First announced by Rishi Sunak in the 2021 Spring Budget, the corporation tax rise will see businesses face a 6% point increase in the corporate tax rate, from 19% to 25%.

The full force of this tax increase will hit firms with profits of more than £250,000.

Businesses with earnings between £50,000-£250,000 will get slight relief. For companies with earnings of less than £50,000 there will be no difference – they will continue to pay corporation tax at 19%.

Super-Deduction Replacement

As corporation tax increases, investment incentives are scheduled to be abolished — corporation tax super-deduction allows businesses to cut their tax bill by 130% of the value of qualifying investment that will end on March 31.

Instead, a proposal to reduce the 130% to 100% cost the Treasury £11 Billion.

Business leaders are warning the tax raid is one of the most significant threats they face this year.

Military UK Budget

Ahead of the spring budget, Ben Wallace argued that the UK budget had to rise by up to £11 billion over the next two years to keep up with inflation, and Hunt has confirmed this.

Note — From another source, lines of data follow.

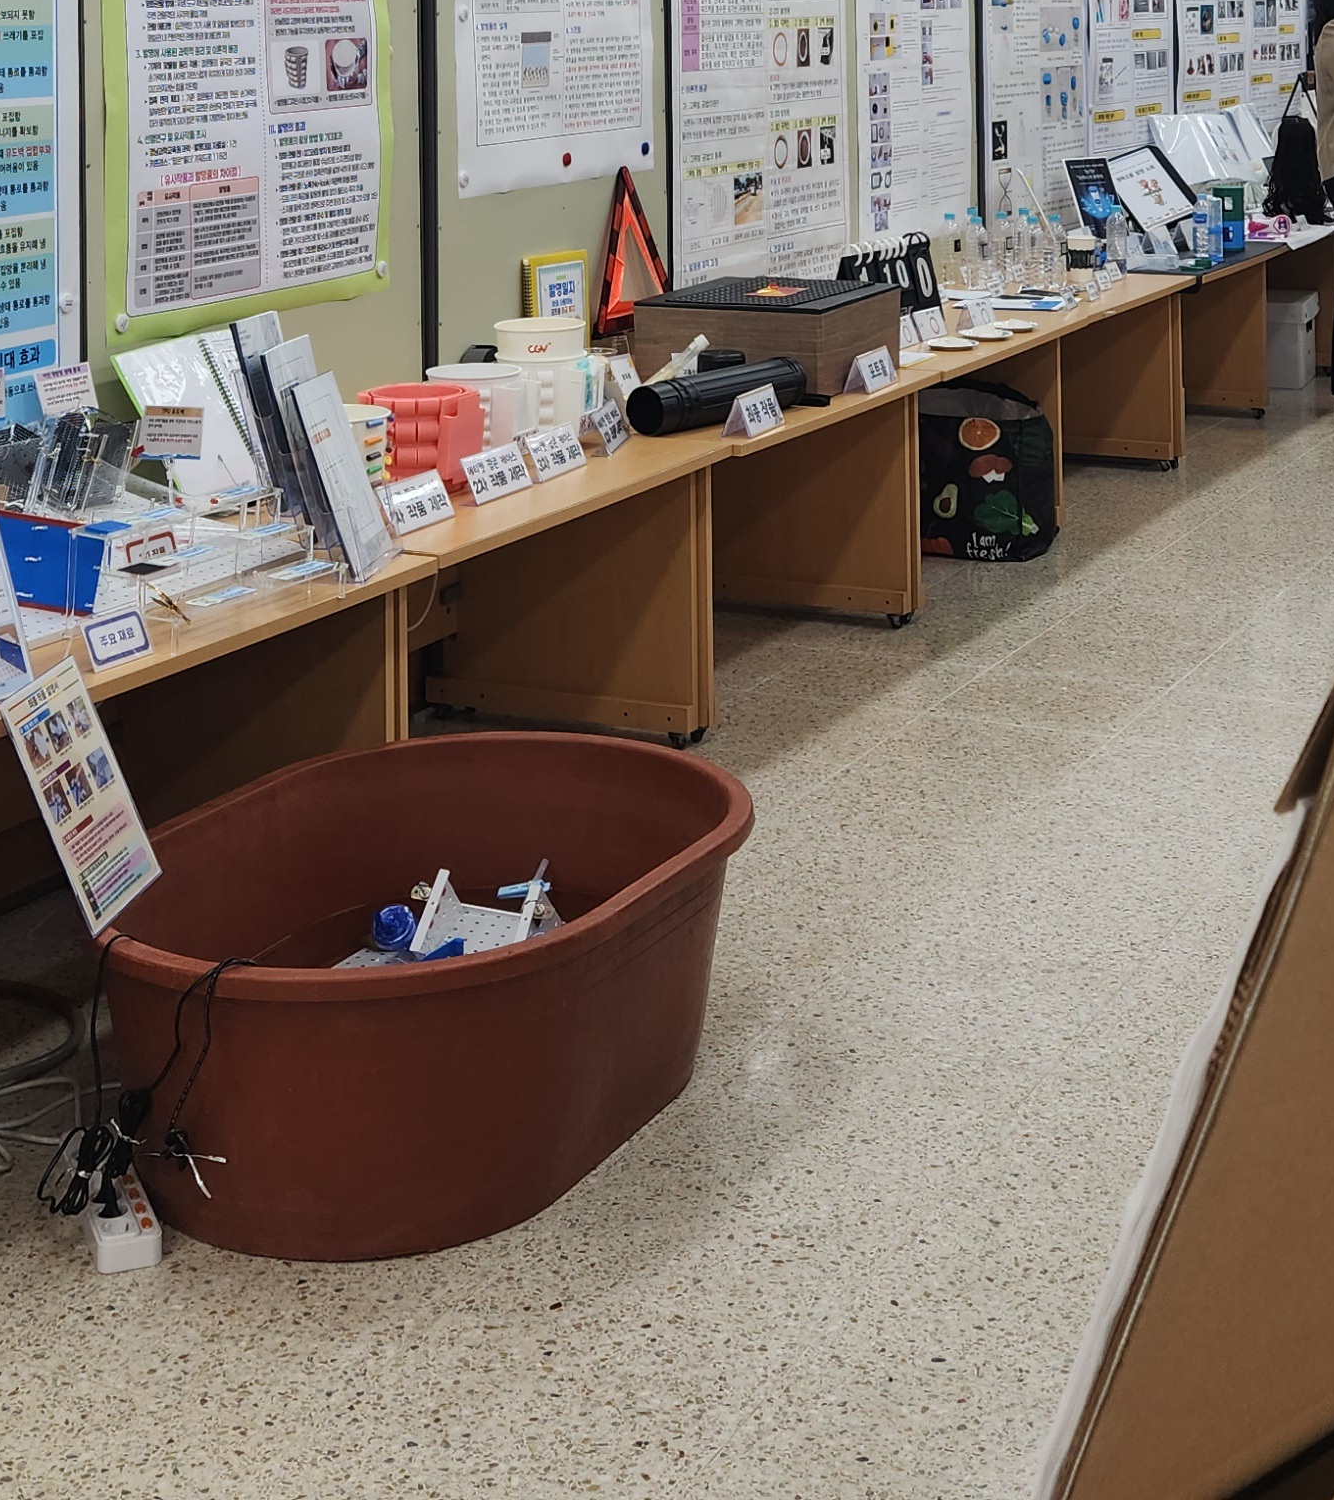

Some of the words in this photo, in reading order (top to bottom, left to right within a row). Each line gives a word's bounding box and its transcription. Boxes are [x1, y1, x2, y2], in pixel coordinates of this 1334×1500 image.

[19, 345, 41, 366] 효과
[527, 343, 549, 354] CGV
[868, 358, 888, 379] 포트홀
[746, 403, 762, 425] 최종
[761, 397, 778, 419] 작품
[551, 449, 567, 467] 작품
[567, 443, 583, 463] 제작
[490, 470, 509, 492] 작품
[509, 463, 527, 486] 제작
[406, 503, 428, 520] 작품
[430, 493, 450, 514] 제작
[978, 533, 997, 547] am
[966, 541, 1012, 561] fresh!
[99, 633, 118, 648] 주요
[118, 626, 136, 642] 재료

The Government will add £11 billion to our defence budget over the next five years — nearly 2.25% of GDP by 2025.

It was initially set to rise by just £700 million over the next two years.

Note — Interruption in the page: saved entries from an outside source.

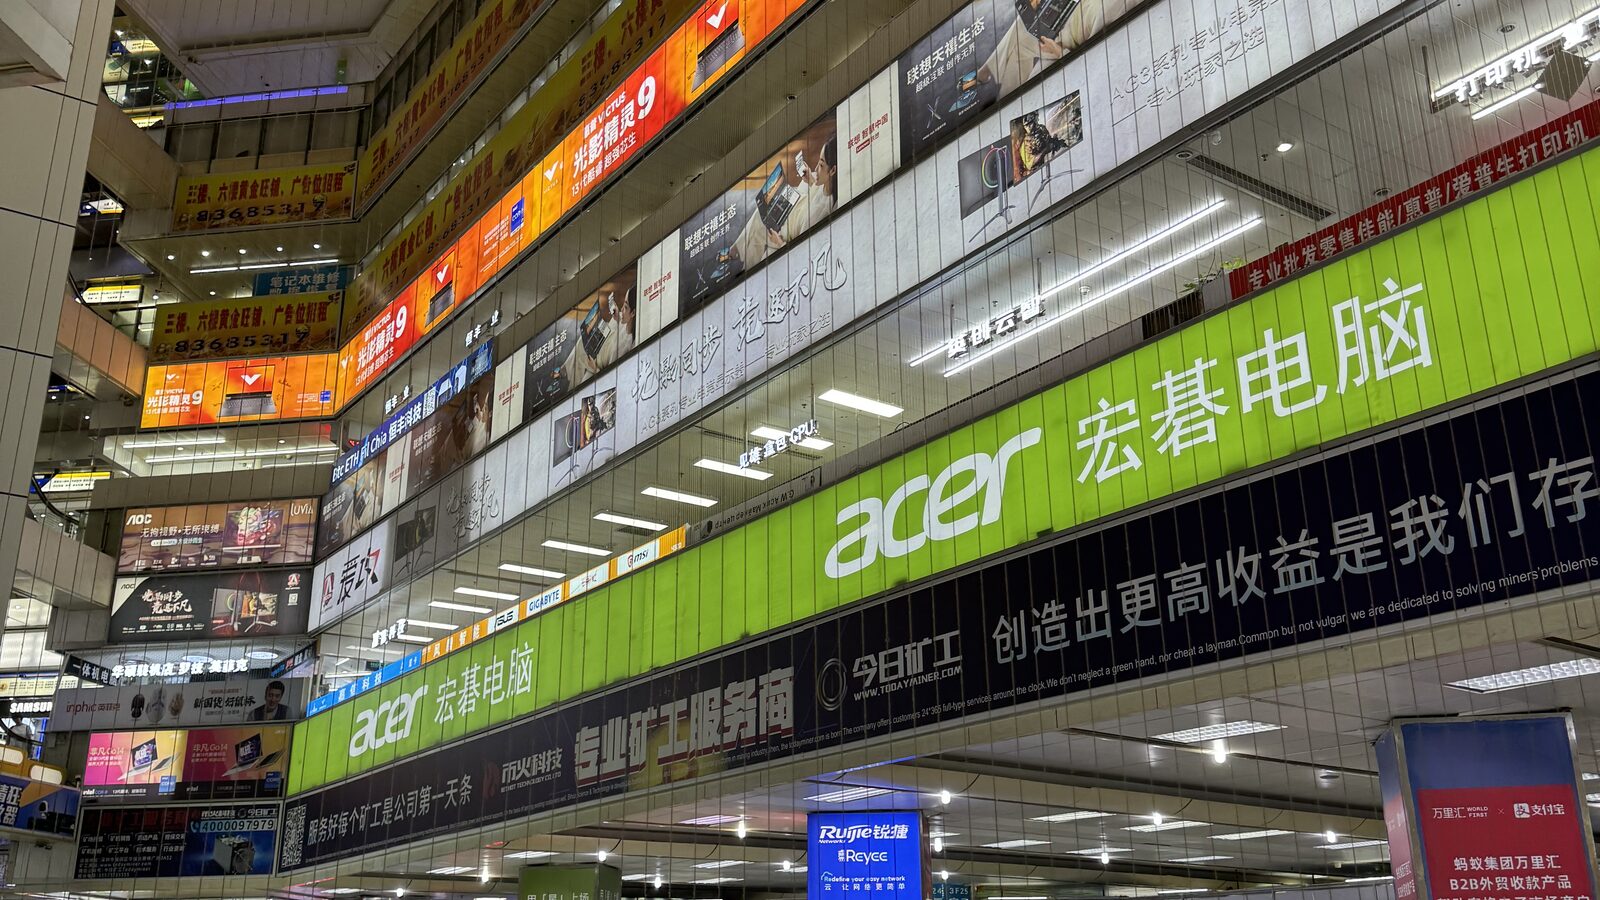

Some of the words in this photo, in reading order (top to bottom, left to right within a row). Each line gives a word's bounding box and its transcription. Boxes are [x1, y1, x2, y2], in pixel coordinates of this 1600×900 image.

[907, 16, 985, 86] 联想天禧生态
[915, 64, 945, 93] 超级互联
[946, 43, 976, 71] 创作无界
[1454, 45, 1541, 103] 打印机
[573, 75, 656, 179] 光影精灵9
[847, 132, 861, 150] 联想
[684, 203, 737, 252] 联想天禧生态
[1248, 119, 1589, 291] 专业批发零售佳能/惠普/爱普生打印机
[1076, 277, 1433, 484] 宏碁电脑
[332, 465, 344, 483] Btc
[345, 452, 360, 472] ETH
[370, 432, 388, 453] Chia
[126, 514, 152, 526] AOC
[824, 426, 1042, 579] acer
[634, 550, 649, 563] msi
[494, 611, 514, 628] ASUS
[528, 589, 560, 612] GIGABYTE
[852, 629, 963, 688] 今日矿工
[1016, 684, 1026, 694] the
[1077, 666, 1104, 683] neglect
[1112, 661, 1133, 675] green
[1158, 652, 1171, 663] nor
[1173, 646, 1196, 659] cheat
[1298, 619, 1314, 632] not
[1350, 609, 1365, 621] we
[1368, 605, 1385, 617] are
[1387, 590, 1439, 612] dedicated
[1442, 588, 1452, 600] to
[434, 641, 534, 724] 宏碁电脑
[349, 684, 429, 758] acer
[575, 666, 795, 778] 专业矿工服务商
[202, 819, 274, 831] 4000097979
[307, 774, 473, 846] 服务好每个矿工是公司第一天条
[819, 824, 873, 843] Ruijie
[873, 824, 909, 840] 锐捷
[1432, 806, 1467, 820] 万里汇
[1531, 803, 1565, 816] 支付宝
[846, 849, 888, 865] Reyee
[1454, 855, 1562, 872] 蚂蚁集团万里汇
[1450, 876, 1572, 891] B2B外贸收款产品
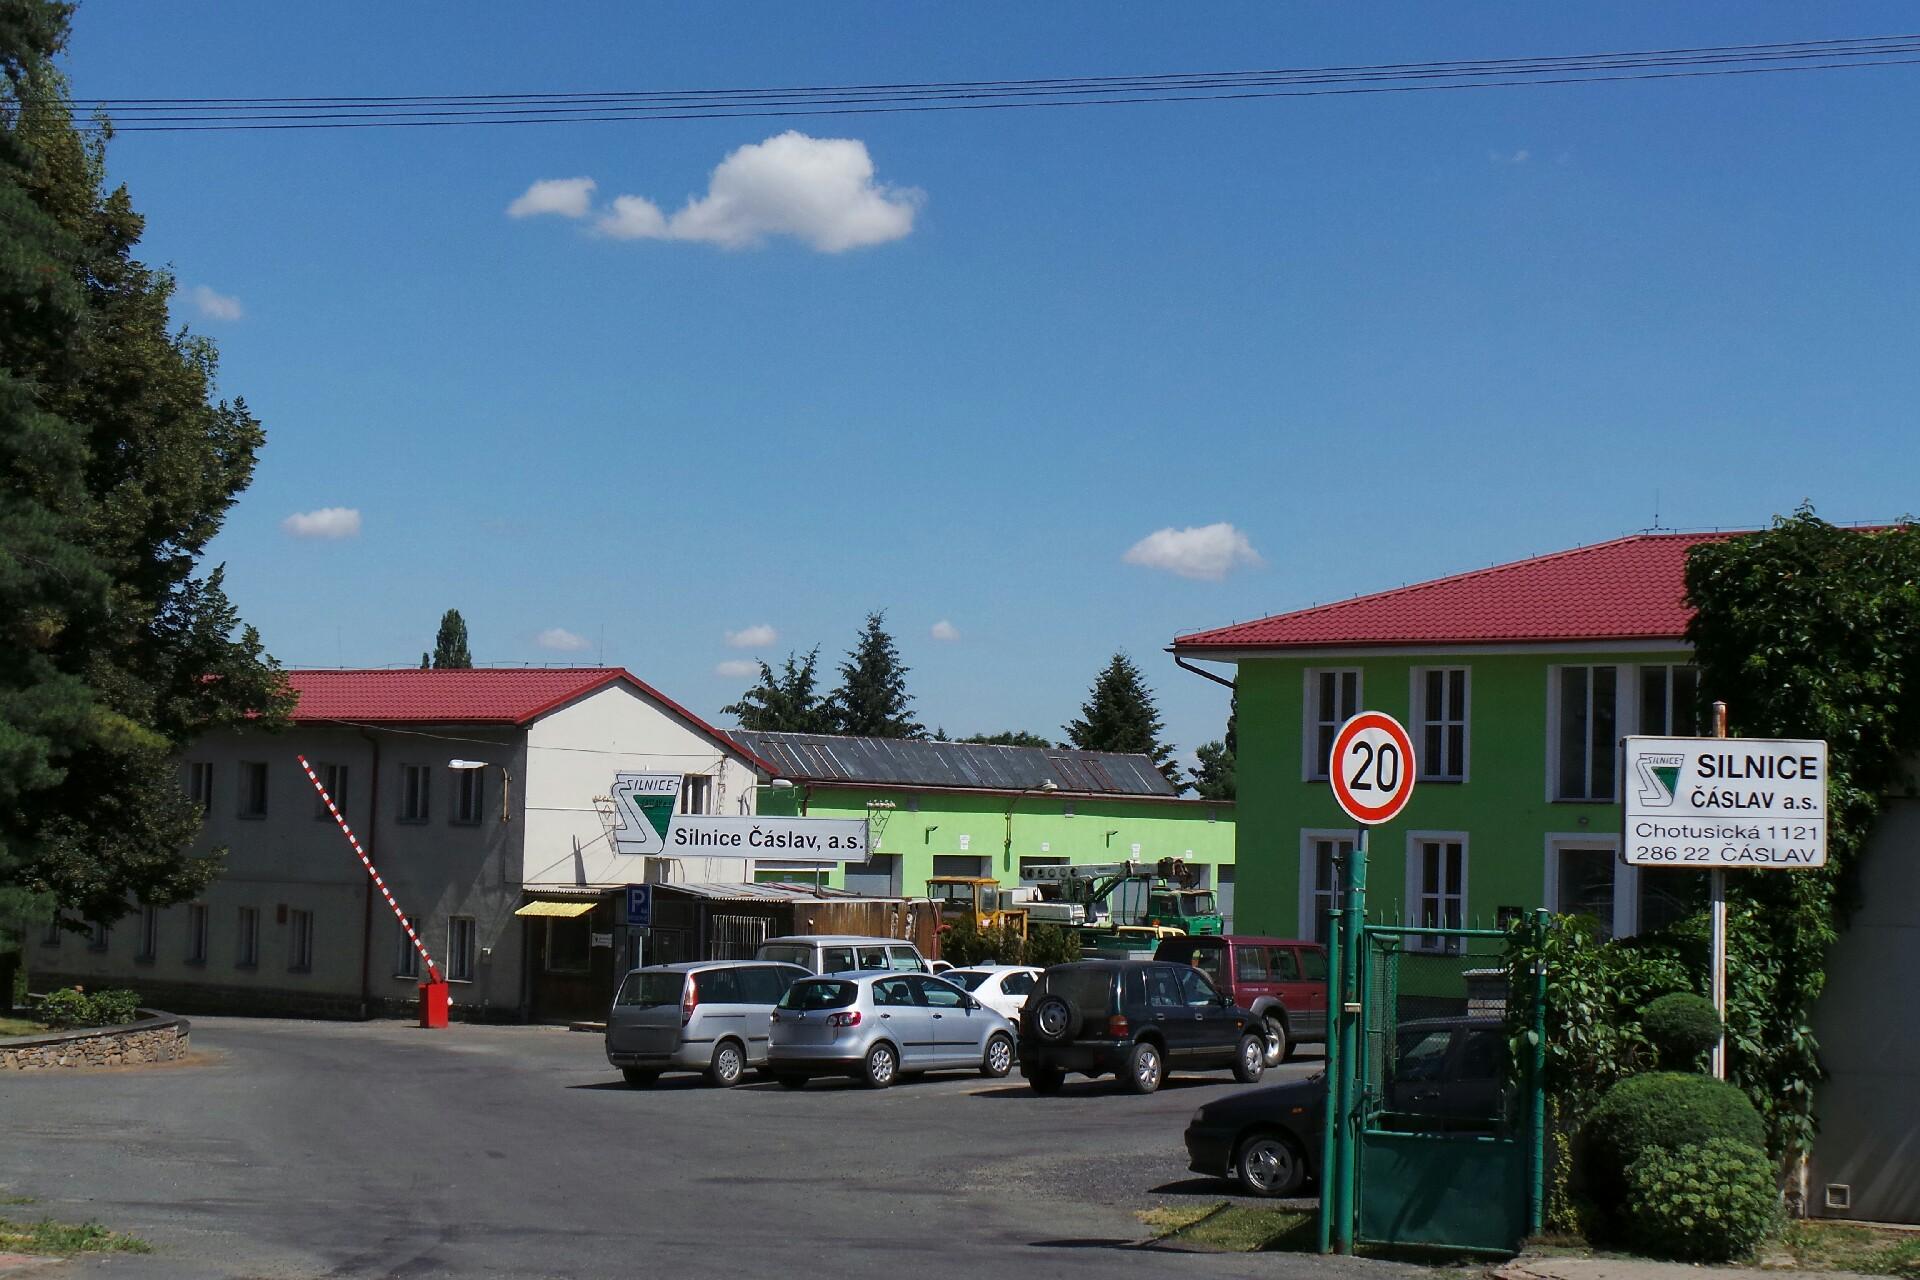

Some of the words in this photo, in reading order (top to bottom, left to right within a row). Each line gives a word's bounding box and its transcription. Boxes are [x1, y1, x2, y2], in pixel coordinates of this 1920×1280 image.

[1350, 741, 1399, 792] 20
[1697, 753, 1817, 779] SILNICE
[627, 779, 674, 790] SILNICE
[1691, 785, 1774, 808] ČÁSLAV
[1783, 796, 1818, 810] a.s.
[674, 828, 741, 847] Silnice
[749, 825, 822, 852] Čáslav,
[828, 834, 864, 850] a.s.
[1636, 822, 1760, 840] Chotusická
[1767, 826, 1817, 840] 1121
[1636, 846, 1677, 861] 286
[1683, 846, 1710, 861] 22
[1721, 843, 1815, 862] ČÁSLAV

The Government will also create a package worth £30 million to increase the Office for Veterans’ Affairs budget, ensuring that ex-servicemen and women are supported.

Spring Budget And The Housing Market

The Spring Budget suggested a massive push to get 6.6 million economically inactive people back into work, which will help the housing market as more people can move out of social housing and onto the open market.

How Could The Spring Budget Have Helped The Housing Market?

Excluding the Energy Bills Support, there is little mention of the housing market and ways to restore stability.

The National Association of Property Buyers (NAPB) have suggested that our Chancellor could be better utilising the Stamp Duty for our housing market by:

  • Introducing a Stamp Duty hike for overseas buyers to level the field for local buyers.
  • Reduce Stamp Duty in areas of social deprivation to encourage investment.
  • Provide pensioners looking to downsize with Stamp Duty relief, encouraging larger homes to become available for families.
  • Provide tax incentives for landlords on energy-saving measures.
  • Improve measures to make land banking unprofitable, encouraging developers to build on approved sites with hefty taxes on vacant plots.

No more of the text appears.